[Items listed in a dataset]
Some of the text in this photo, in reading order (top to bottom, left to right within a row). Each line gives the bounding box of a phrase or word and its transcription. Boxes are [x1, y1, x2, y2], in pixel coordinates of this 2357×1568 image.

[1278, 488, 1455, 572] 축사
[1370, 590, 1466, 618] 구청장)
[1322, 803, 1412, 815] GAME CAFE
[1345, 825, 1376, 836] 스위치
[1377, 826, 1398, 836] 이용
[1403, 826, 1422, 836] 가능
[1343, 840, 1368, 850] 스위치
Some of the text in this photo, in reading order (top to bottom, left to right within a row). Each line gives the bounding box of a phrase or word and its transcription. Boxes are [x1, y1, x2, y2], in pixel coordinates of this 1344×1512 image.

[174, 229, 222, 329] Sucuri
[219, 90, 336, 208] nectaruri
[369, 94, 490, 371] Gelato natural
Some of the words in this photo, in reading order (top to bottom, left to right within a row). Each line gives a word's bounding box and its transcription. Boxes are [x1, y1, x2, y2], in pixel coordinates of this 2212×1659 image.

*Task brief*: Take the entries and print them exactly. Keep every line.

*Task answer*:
Some of the text in this photo, in reading order (top to bottom, left to right within a row). Each line gives the bounding box of a phrase or word and its transcription. Boxes are [x1, y1, x2, y2], in pixel coordinates of this 2357×1568 image.

[1278, 488, 1455, 572] 축사
[1370, 590, 1466, 618] 구청장)
[1322, 803, 1412, 815] GAME CAFE
[1345, 825, 1376, 836] 스위치
[1377, 826, 1398, 836] 이용
[1403, 826, 1422, 836] 가능
[1343, 840, 1368, 850] 스위치
Some of the text in this photo, in reading order (top to bottom, left to right within a row). Each line gives the bounding box of a phrase or word and its transcription. Boxes are [x1, y1, x2, y2], in pixel coordinates of this 1344×1512 image.

[174, 229, 222, 329] Sucuri
[219, 90, 336, 208] nectaruri
[369, 94, 490, 371] Gelato natural
Some of the words in this photo, in reading order (top to bottom, left to right within a row). Each line gives a word's bounding box and its transcription. Boxes are [x1, y1, x2, y2], in pixel coordinates of this 2212×1659 image.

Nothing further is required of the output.